A huge indoor market set in a gorgeous building from 1897, the Grand Market Hall is the place to get any souvenirs one could want in Hungary.  The main floor is all market stalls, with meats, produce, bakeries, and spices.  We picked up some paprika to take home as souvenirs from Csardi es Csardi, in both the sweet and spicy varieties, as well as salami and rolls for a picnic.  The upstairs stalls vary from the tackiest of postcards and shot glasses to fine Hungarian amber and cut crystal.  We visited the cafeteria for langos, a Hungarian treat that basically consists of a huge piece of fried dough with toppings.  I had sour cream and cheese, the traditional combination, but Jill’s sweet choice of apricot jam and powdered sugar looked delightful as well.

Inside the Grand Market Hall
Photo of langos. I did not eat this one, but did eat one very like it. Photo from Google

The Great Synagogue

Is it just me or is everything in Budapest “grand” and “great”?  As the second-largest synagogue in the world, this one certainly lives up to its name, and is a must-visit for any Jews passing through Budapest, like myself.  The synagogue is massive, ornate, and Moorish in design, since Hungary’s Jews are primarily descended from Spanish Jews that fled the Spanish Inquisition.  The ticket to the Great Synagogue included a visit to their lovely Holocaust Memorial Garden with a silver statue of a weeping willow.  Each of the leaves of the statue is etched with the names of Holocaust victims.  Also included was a stop at their small museum with artifacts relating to Jewish life cycle events and holidays.

The Jewinform booth, for all your Jewish Information!
Exterior of the Great Synogogue
The lavish interior of the Great Synogogue

Free Communist Walking Tour

On this trip I became a convert to free walking tours. Before traveling by myself, I never took the time to investigate stuff like this and would just have my nose in my guidebook and guide my companions.  Since discovering these tours, however, I am now totally on board.  the guides were very enthusiastic and knowledgeable, and I got to learn about the city, get some exercise, and meet new people.  Best of all, it was free!  Although if your guide is good definitely tip them and keep such opportunities open for future travelers.  This tour was specifically about the Budapest’s Communist past, and our Hungarian guide was a perfect mix of informative and entertaining.  We walked to various sites around the city, and she told us about various aspects of life during Communist times, including housing, TV and radio, travel, views on religion, and the major events that occurred in Hungary around that time.  I particularly found the anecdotes on travel interesting.  For instance, it was difficult to travel to countries that were not Communist, but inside Communist countries it was relatively easy.  Because of this, families from East and West Germany that were separated by the Berlin wall would use Hungary, a more easy-going Communist country, as a meeting point.

The beautiful Hungarian Parliament building, with one of the city’s ubiquitous streetcars
Old Communist statue in Budapest
Statue of Imre Nagy.

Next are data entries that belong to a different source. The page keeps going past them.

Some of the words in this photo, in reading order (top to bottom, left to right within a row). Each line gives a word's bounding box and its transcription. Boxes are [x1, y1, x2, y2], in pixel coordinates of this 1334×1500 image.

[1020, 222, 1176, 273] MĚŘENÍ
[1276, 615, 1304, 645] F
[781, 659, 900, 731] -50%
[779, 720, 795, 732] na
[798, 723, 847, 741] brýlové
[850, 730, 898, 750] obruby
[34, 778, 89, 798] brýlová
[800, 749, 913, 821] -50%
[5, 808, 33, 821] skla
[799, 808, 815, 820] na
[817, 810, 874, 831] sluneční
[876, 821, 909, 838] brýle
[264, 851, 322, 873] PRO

During Hungary’s uprising of 1956 he was elected to be Prime Minister, but imprisoned, charged with treason, and executed in 1958 after Soviet troops invaded. Today he is considered a symbol of freedom.

Széchenyi Baths

Underneath Budapest lies subterannean pools of warm mineral water, and “taking the waters” is a city-wide past time.  Out of the many bath houses to be found, we chose to visit the Széchenyi Baths in the City Park.  It was an absolutely fabulous experience.  Housed in a beautiful yellow Neo-Baroque building from 1913, it is one of the most scenic.  The baths have many different sections, but the place to be in the evening when we visited was the outdoor pools.  There are three large outdoor pools surrounded by colonnades and marble statues: a warm relaxation pool, a lap pool that you cannot enter without a swimming cap and a serious swimming attitude, and a cooler “fun” pool with jets, fountains and rapids.  Want to let your cares melt away as you watch the sun set and attractive tourists lounge? Go to the warm pool.  Want to feel like a kid again and be surprised by the girlish laughter of brawny bearded men? Go to the fun pool.  We also enjoyed exploring the labyrinthine interiors, with small saunas and soaking pools of different temperatures, including a chilly plunge pool.  The icy plunge pool sounds like something you’d never ever want to get into, but trust me, after 2 or 3 warm mineral pools and saunas, nothing feels better.  It’s also good for your circulation and skin.  It really felt like being in a Roman bath house!  We stayed at the baths for 3 hours, and easily could have stayed longer.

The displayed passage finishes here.